The next couple of days were touch and go, but the nurse on duty said I began listening to commands, and I was taken off the ventilator because I began breathing on my own. I made it.

When I opened my eyes, I was still out of it, but when I looked down, I saw that my hands were black and shriveled. Like burnt hot dogs. “Why are my hands black?” I kept asking. I knew these were my hands because of my pink manicured nails, but I wasn’t grasping the severity of the situation. I also wasn’t coherent enough to understand what the doctor was saying: He wanted to amputate immediately above the elbows and above my knees (I couldn’t see my legs at this time, but they had suffered the same fate) because he said gangrene (dead tissue from the lack of blood) that had been brought on by septic shock was spreading.

My family fought for a second opinion because tests proved that the gangrene wasn’t actually spreading. I didn’t know it then, but this was a huge deal for my quality of life: If the doctor amputated above the elbow and above the knee, I would need a caretaker.

The second doctor was open to waiting and saving as much of my limbs as possible. We agreed to amputate my hands from the wrist first, which meant that with therapy I could still do things like drive and shower. For my legs, we coated them in sulfadiazine — a powerful antibiotic cream — to help heal my skin and save as much of my legs as possible. It wasn’t long before I felt a thrill of hope seeing a new patch of pink skin.

I was beyond thankful for the second opinion, but I was devastated that I was going to lose my hands and legs. Equally devastating: My husband decided to divorce me. I felt abandoned. I was crushed. But in retrospect, that dark place strengthened my determination to live an independent life.

My hand surgery was in June of 2016, and in July, I went to rehab where I was fitted for prosthetics and learned to brush my hair and do other everyday tasks.

After rehab, I stayed with my sister for three months. Every day, we did the same routine: drove to the doctor’s office to remove the dead skin from my legs and reveal the progress. The monotony was enough to drive anyone mad, but the process worked: We saved more tissue than originally thought possible. The doctor was able to amputate below the knees in the same spot on both legs, and in November, I became a quad amputee.

After the surgery, I was taken to a rehab facility. When the elevator opened, so many nurses and patients were there to greet me. I had this overwhelming feeling of calm — the weirdest feeling — and I slept through the night for the first time in a long time.

The next morning, I went to therapy early. I thought of everything I had been through — without my husband — and it made me fight hard. I saw a counselor twice a week, and before I knew it, I was in a motorized wheelchair zipping around the facility.

I began forming relationships with the stroke victims on my floor. Some of them were depressed and didn’t want to go to therapy.
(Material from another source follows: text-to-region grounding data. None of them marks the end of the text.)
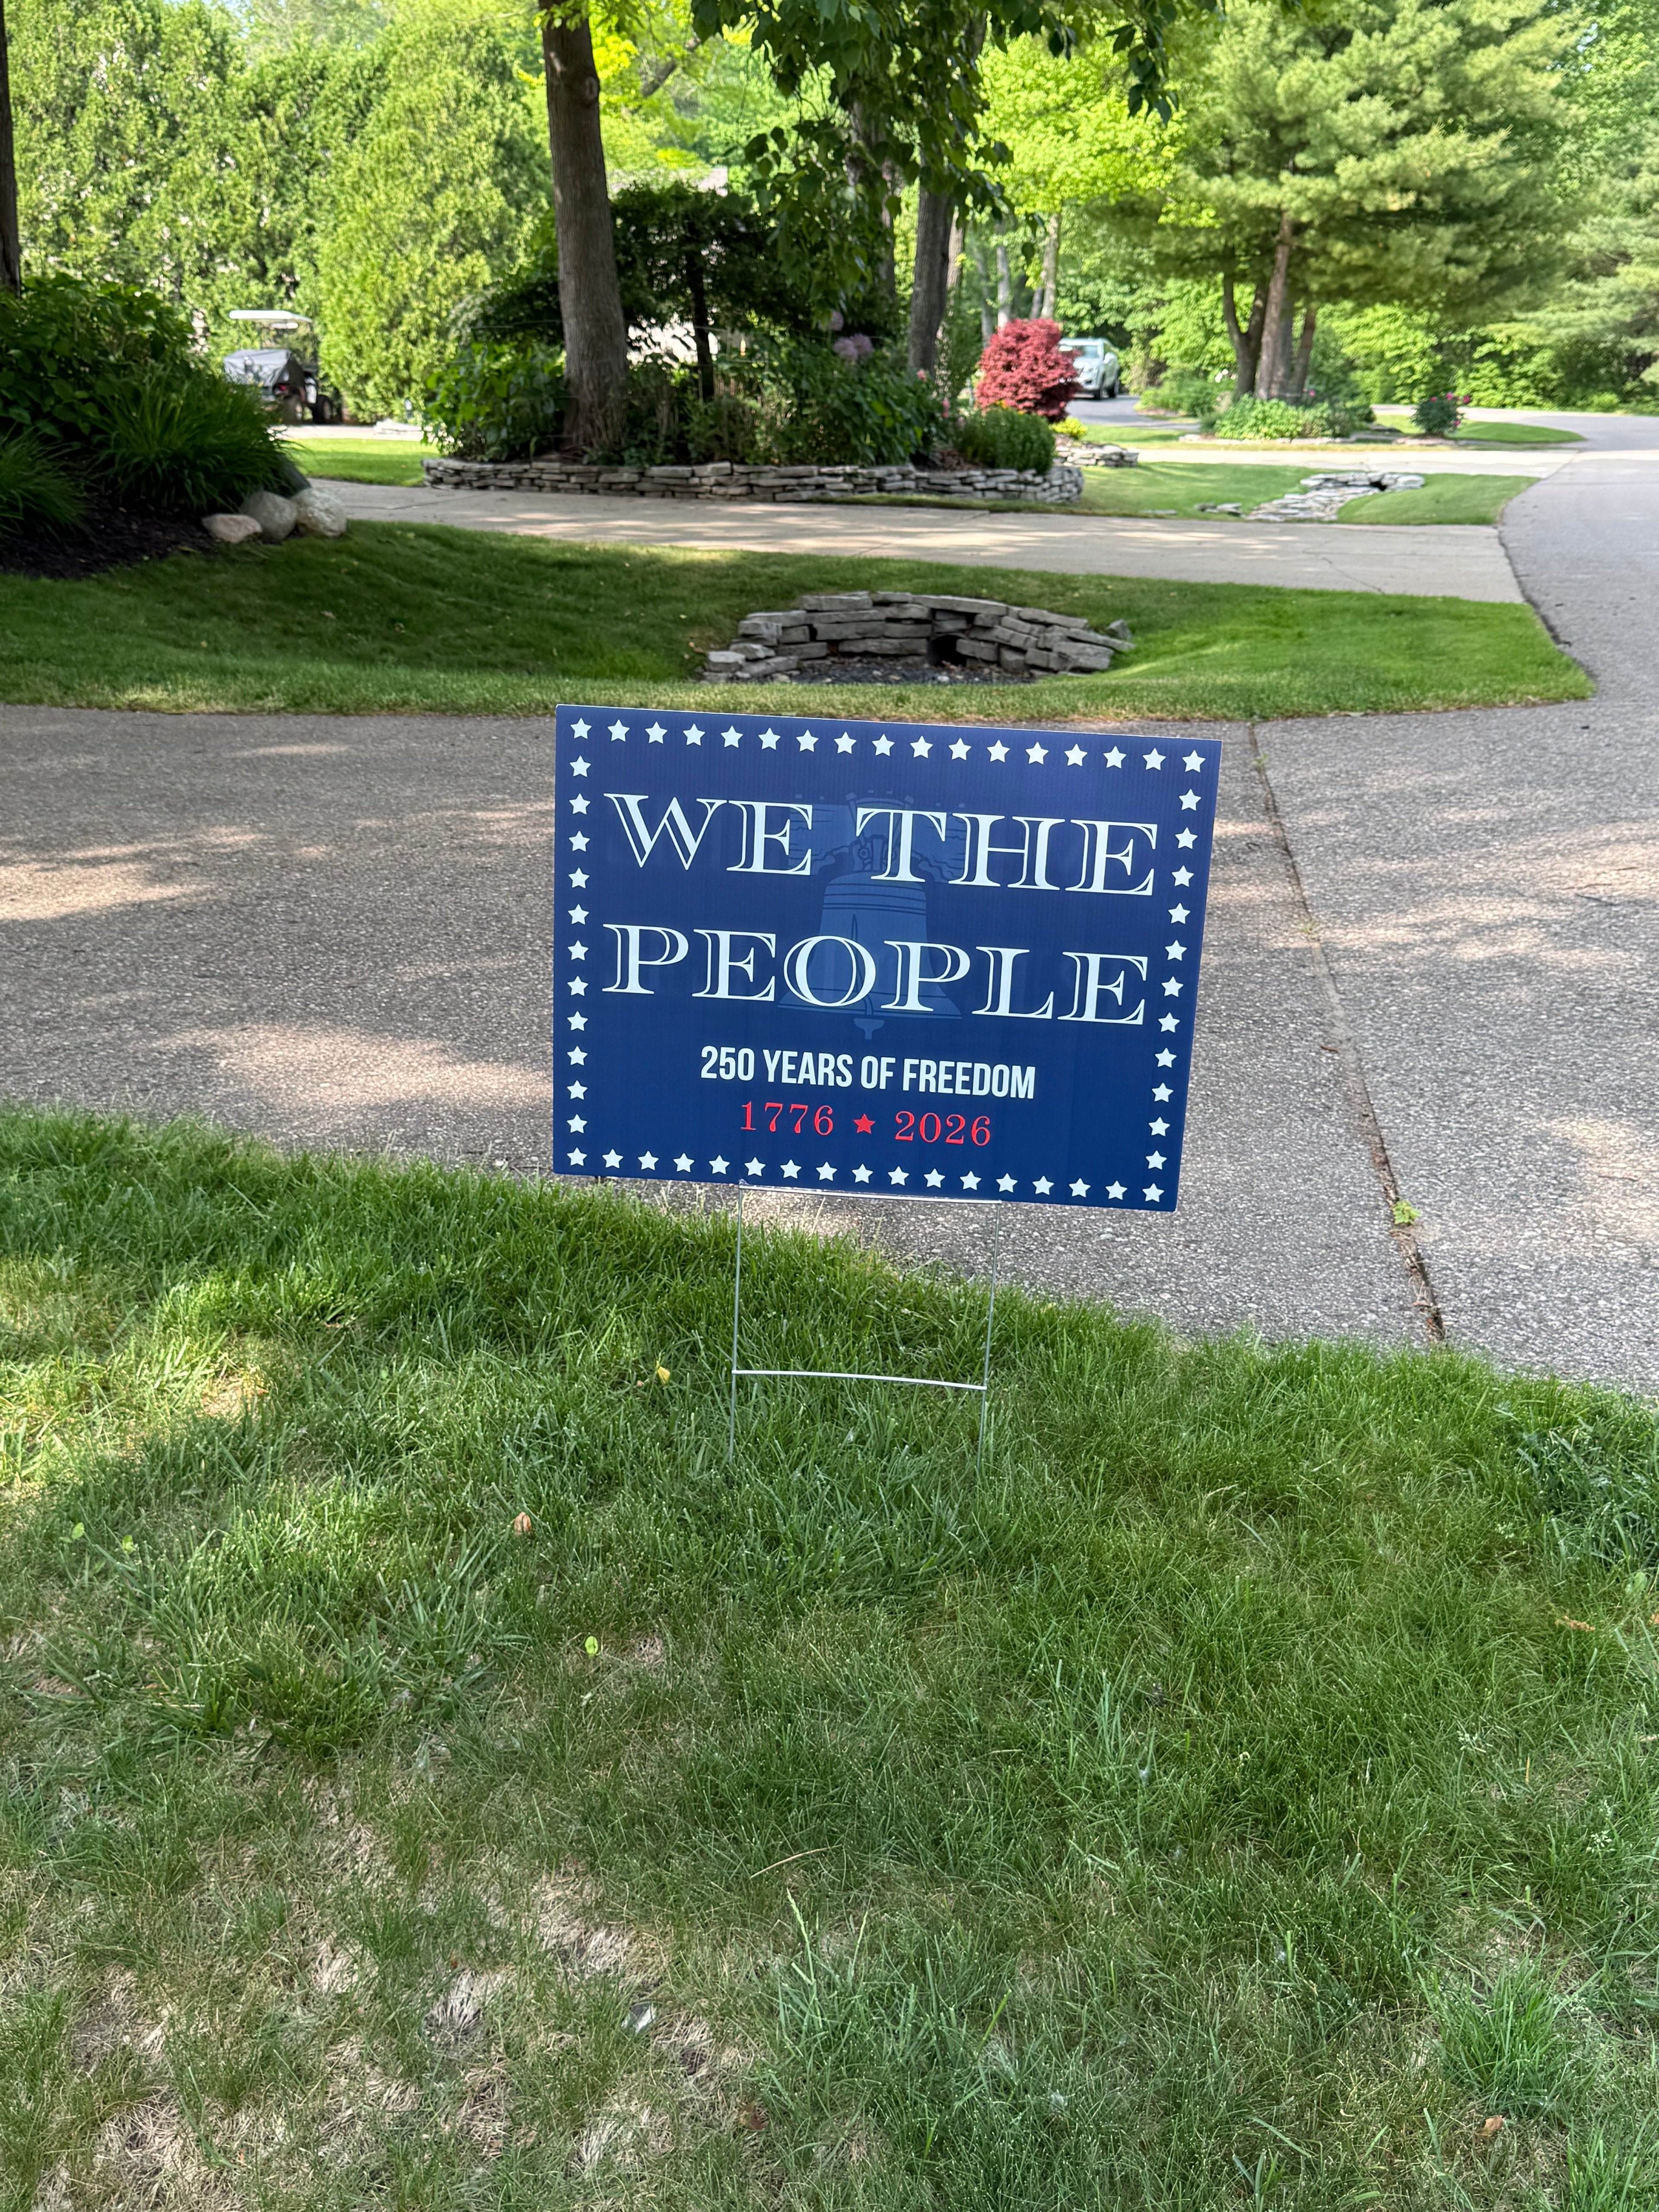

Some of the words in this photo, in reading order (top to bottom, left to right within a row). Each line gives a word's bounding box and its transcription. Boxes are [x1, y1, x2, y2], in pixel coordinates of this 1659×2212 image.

[603, 793, 813, 876] WE
[856, 807, 1158, 896] THE
[602, 924, 1148, 1025] PEOPLE
[701, 1046, 755, 1081] 250
[763, 1049, 853, 1087] YEARS
[861, 1055, 896, 1089] OF
[903, 1058, 1036, 1099] FREEDOM
[741, 1101, 833, 1135] 1776
[895, 1111, 991, 1146] 2026
I was the only amputee at the facility, and I realized that we were all connected through a traumatic experience, but they felt like they couldn’t live their lives. I wanted to show them that they could.
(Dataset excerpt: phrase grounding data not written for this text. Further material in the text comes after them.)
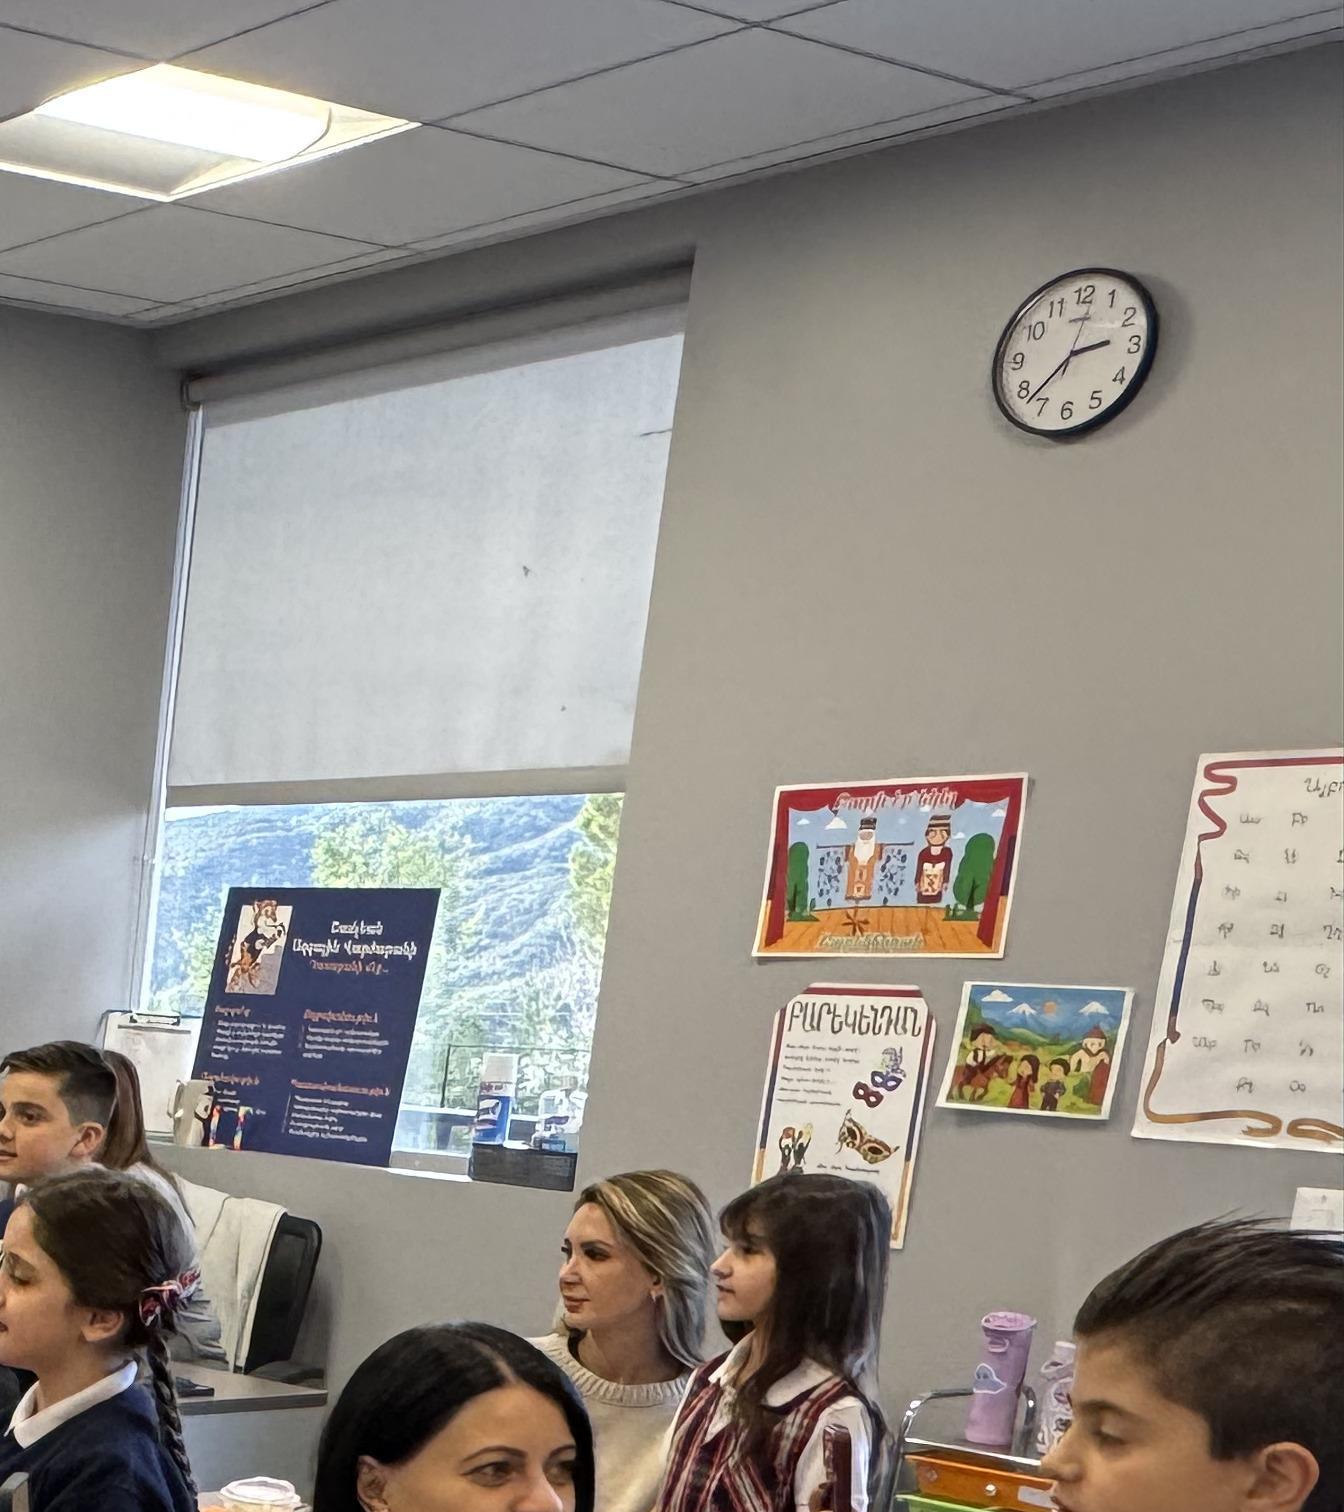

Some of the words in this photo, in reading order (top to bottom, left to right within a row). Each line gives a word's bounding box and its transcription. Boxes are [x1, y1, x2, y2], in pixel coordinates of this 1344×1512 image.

[1073, 284, 1096, 305] 12
[1108, 289, 1119, 308] 1
[1048, 298, 1065, 318] 11
[1121, 307, 1137, 327] 2
[1027, 321, 1045, 341] 10
[1127, 335, 1141, 354] 3
[1010, 353, 1025, 370] 9
[1112, 366, 1126, 385] 4
[1017, 380, 1030, 400] 8
[1088, 390, 1103, 409] 5
[1036, 397, 1050, 417] 7
[1060, 401, 1073, 420] 6
In turn, these relationships healed my heart. In December, we all cheered as I took my first steps in my prosthetics. And in February, I left rehab and went home to my own house. I relearned how to drive and cook my famous lasagna. I wrote a memoir, and I mentor other amputees.

So when I ended up in the hospital earlier this year, I was terrified that all my progress was going to be derailed by sepsis again. However, thankfully, I wasn’t septic. I had a UTI (without the typical symptoms), and I was treated and sent home.

I want people to know that sepsis is about T-I-M-E:

Temperature

Infection

Mental decline

Extreme illness/pain

Recently, I had a follow-up for that colon cancer diagnosis that led to sepsis, and there was no sign of cancer. It turns out I was misdiagnosed by one doctor and, as a result, I lost all my limbs. I want other women to know that, even if you trust your doctor, there’s nothing wrong with getting a second opinion when it comes to standing up for your health.